これは確かに恐ろしい状態なので、 自我は他の 自我に頼るしかなく、一体感を持ちたいという思いからの弱々しい試みとして団結してみたり、強さを誇示する為に攻撃してみたりします。
しかし、 自我はこの前提を疑問に持ち出すわけにはいきません。
なぜなら、この前提こそが 自我の土台だからです。
自我とは、心が持つ「自分は完全に自律している」という信念のことです。
自我は絶えず、霊(Spirit)からの承認を獲得しようとして、それによって自らの存在を確立しようと試みていますが、それは無益なことです。
叡智の中にある霊(Spirit)は、 自我を自覚してはいません。
霊(Spirit)は 自我を攻撃しません。
ただ 自我というものを全く思い描くことが出来ないだけです。
自我も同じように霊(Spirit)を自覚していませんが、何か自分よりも偉大なものに拒絶されていると知覚しているのは確かです。

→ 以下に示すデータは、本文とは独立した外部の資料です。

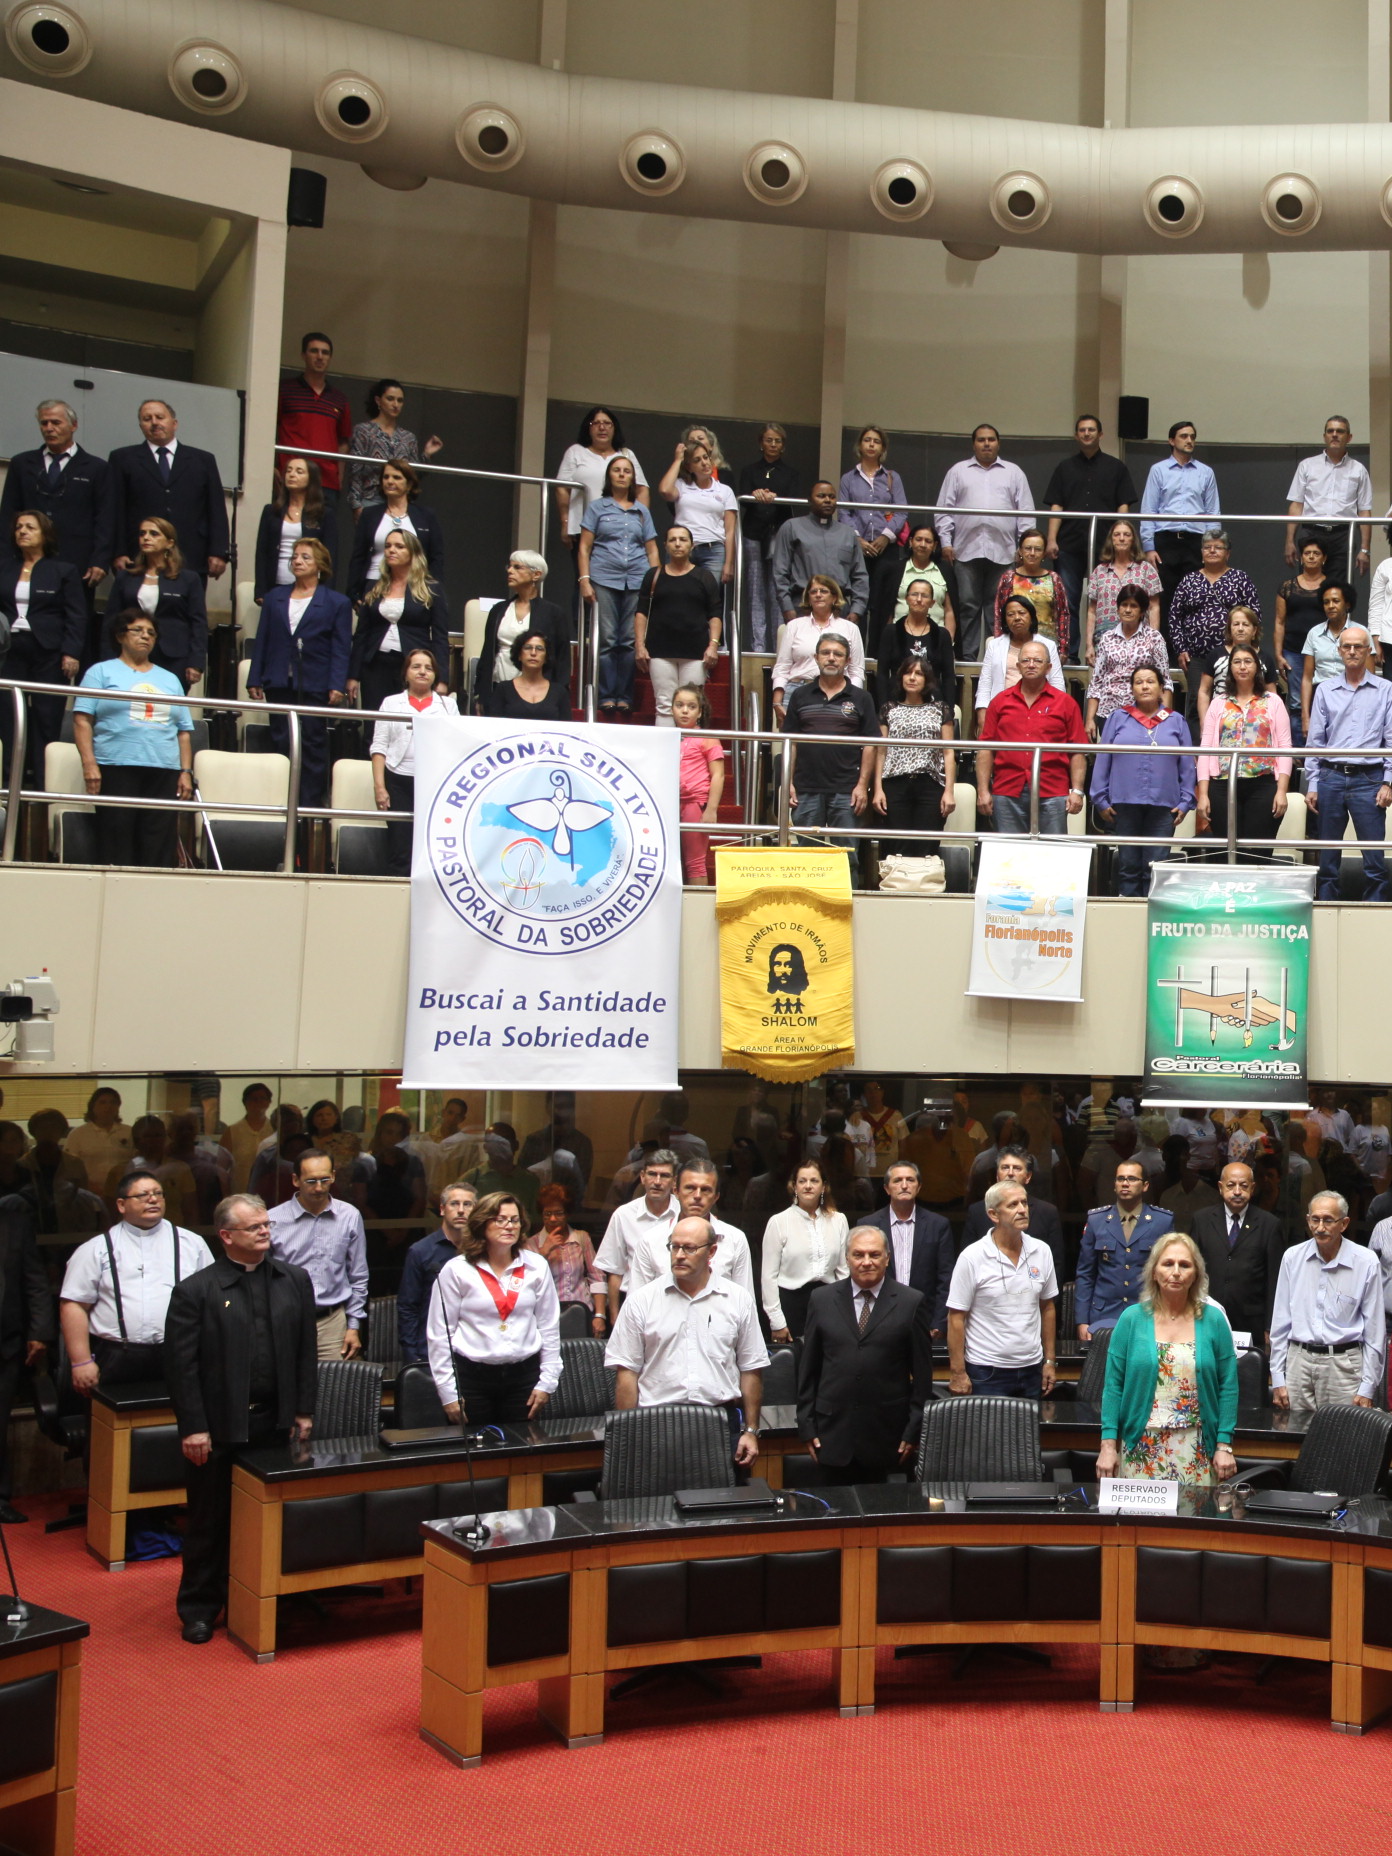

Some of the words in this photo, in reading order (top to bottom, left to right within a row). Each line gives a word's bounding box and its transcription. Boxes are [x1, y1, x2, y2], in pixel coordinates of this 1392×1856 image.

[446, 739, 571, 810] REGIONAL
[579, 750, 632, 792] SUL
[623, 792, 650, 818] IV
[436, 836, 505, 937] PASTORAL
[517, 923, 549, 947] DA
[560, 845, 659, 947] SOBRIEDADE
[1208, 881, 1221, 893] A
[1225, 881, 1257, 893] PAZ
[572, 894, 597, 909] ISSO,
[595, 886, 604, 895] E
[1225, 897, 1236, 913] É
[986, 913, 1020, 924] Forania
[985, 924, 1073, 943] Florianópolis
[1151, 922, 1206, 937] FRUTO
[1211, 923, 1233, 938] DA
[1237, 924, 1309, 943] JUSTIÇA
[745, 921, 787, 964] MOVIMENTO
[789, 922, 804, 933] DE
[804, 928, 828, 964] IRMÃOS
[1038, 944, 1072, 958] Norte
[419, 987, 504, 1011] Buscai
[512, 993, 527, 1011] a
[537, 990, 667, 1014] Santidade
[761, 1016, 818, 1027] SHALOM
[433, 1024, 492, 1052] pela
[502, 1025, 650, 1050] Sobriedade
[774, 1036, 796, 1044] ÁREA
[740, 1045, 774, 1053] GRANDE
[775, 1044, 839, 1053] FLORIANÓPOLIS
[1151, 1057, 1300, 1075] Carcerária
[1242, 1073, 1301, 1081] Florianópolis
[1112, 1484, 1167, 1494] RESERVADO
[1111, 1495, 1166, 1504] DEPUTADOS
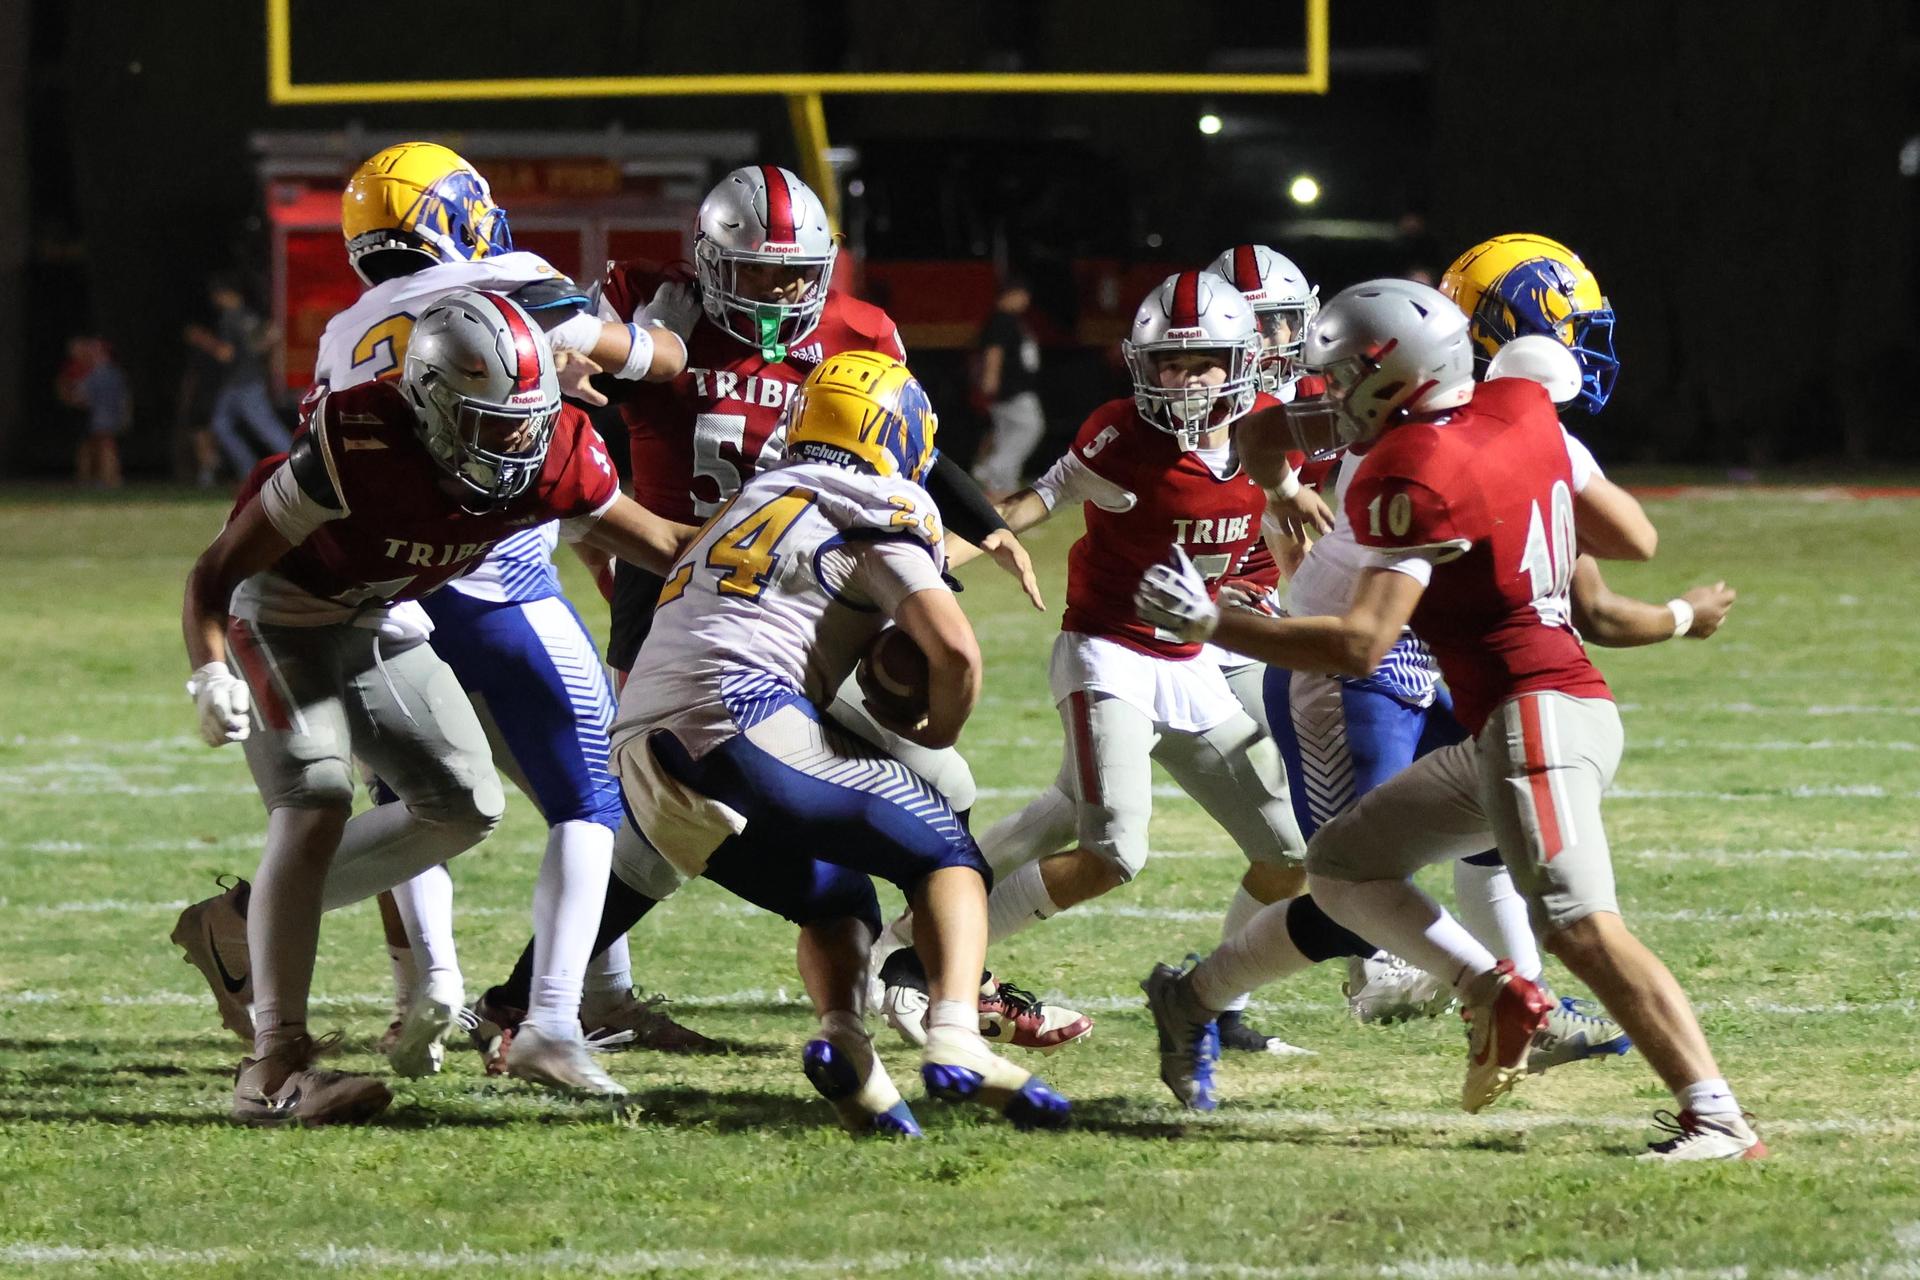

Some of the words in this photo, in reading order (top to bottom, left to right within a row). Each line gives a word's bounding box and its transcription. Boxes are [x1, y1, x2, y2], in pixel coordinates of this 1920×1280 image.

[764, 245, 800, 254] Riddell
[1167, 330, 1202, 340] Riddell
[791, 350, 823, 365] adida
[803, 444, 852, 465] schutt
[1082, 424, 1121, 459] 5
[1366, 492, 1412, 537] 10
[1172, 513, 1253, 545] TRIBE
[1518, 479, 1577, 628] 10
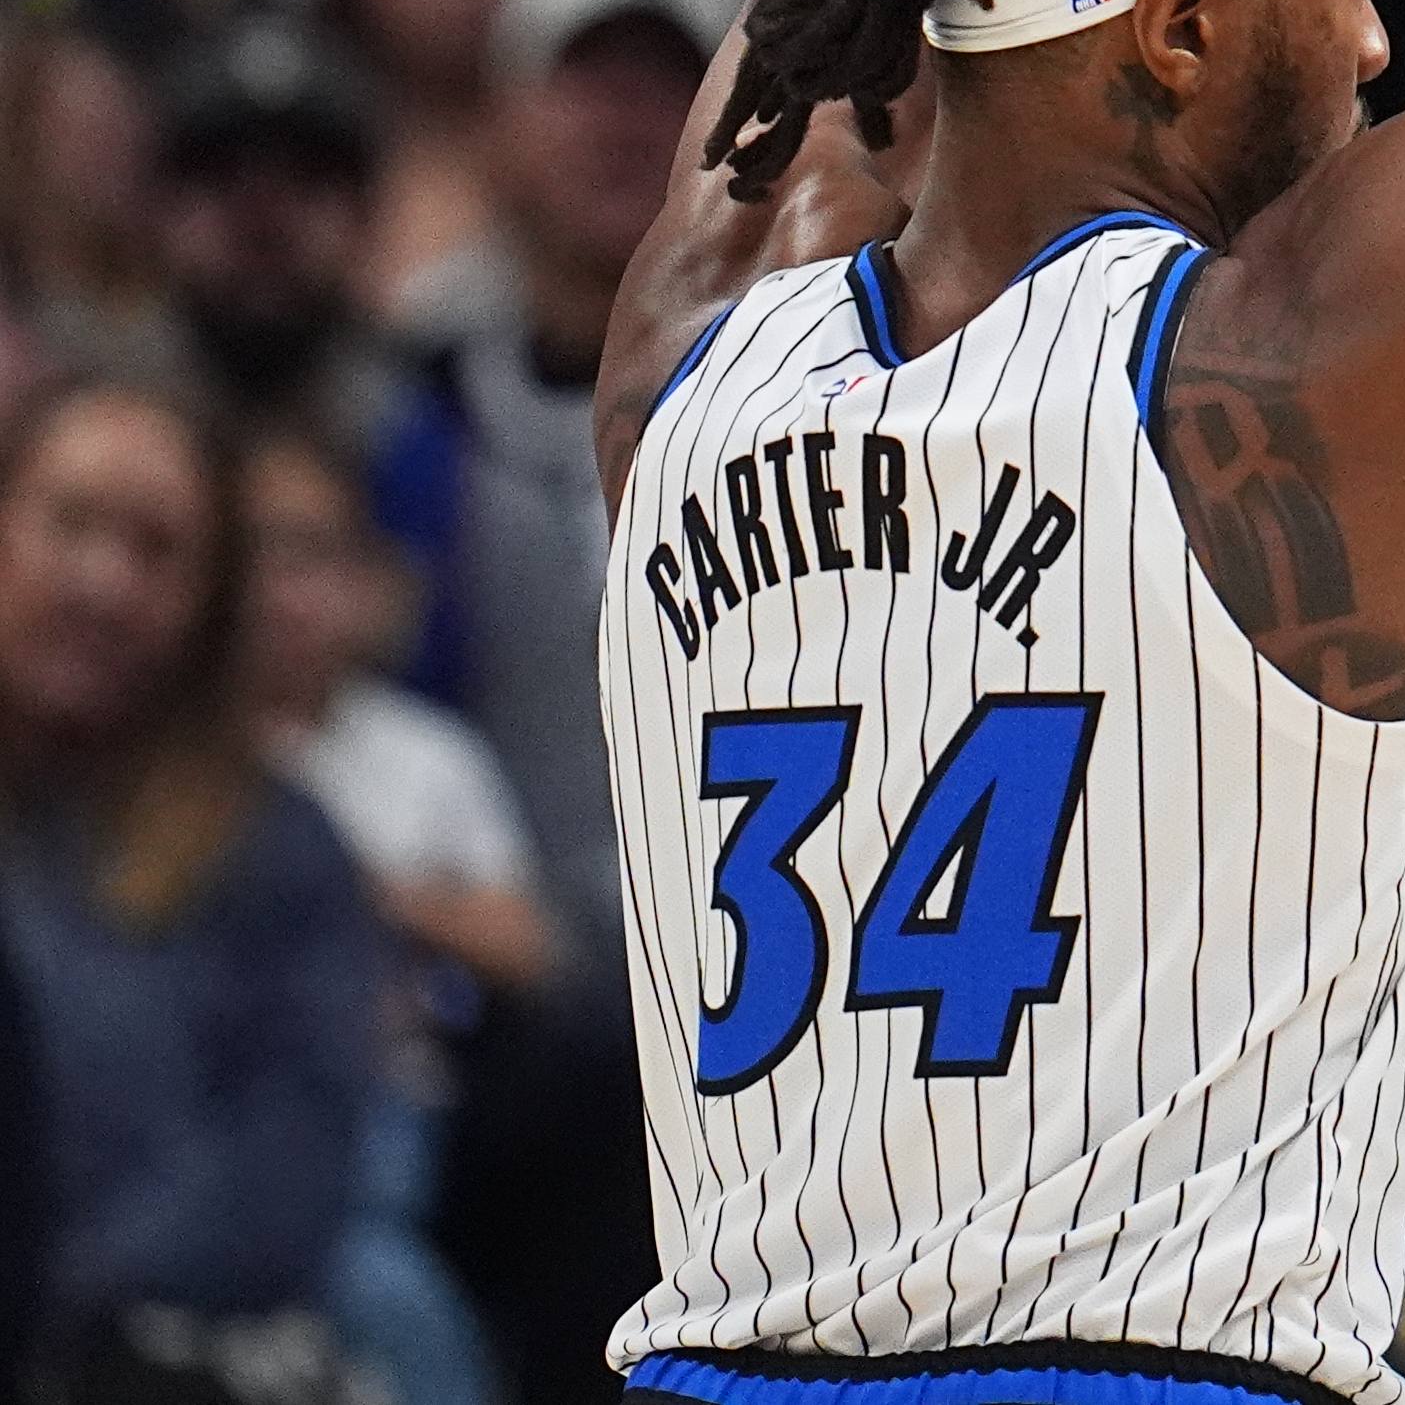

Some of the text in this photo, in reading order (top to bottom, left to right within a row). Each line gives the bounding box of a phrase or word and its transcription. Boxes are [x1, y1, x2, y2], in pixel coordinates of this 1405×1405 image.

それ故に、 自我の言う「自尊心」は妄想的なものであるに違いありません。
神が創造したものが神話を創造することはありせん。
とはいえ、創造しようとする努力が神話作りに向けられることはあります。
しかし、それはただ一つの条件の下で可能となります。
つまり、それが作り出すものは、もはや創造的ではないという条件です。
神話とは全て知覚によるものであり、したがって、その形は実に曖昧で、その特徴として「善」と「悪」を本質とするので、最も慈悲深い神話でさえ、恐ろしい暗示的な意味合いを含んでいないものはありません。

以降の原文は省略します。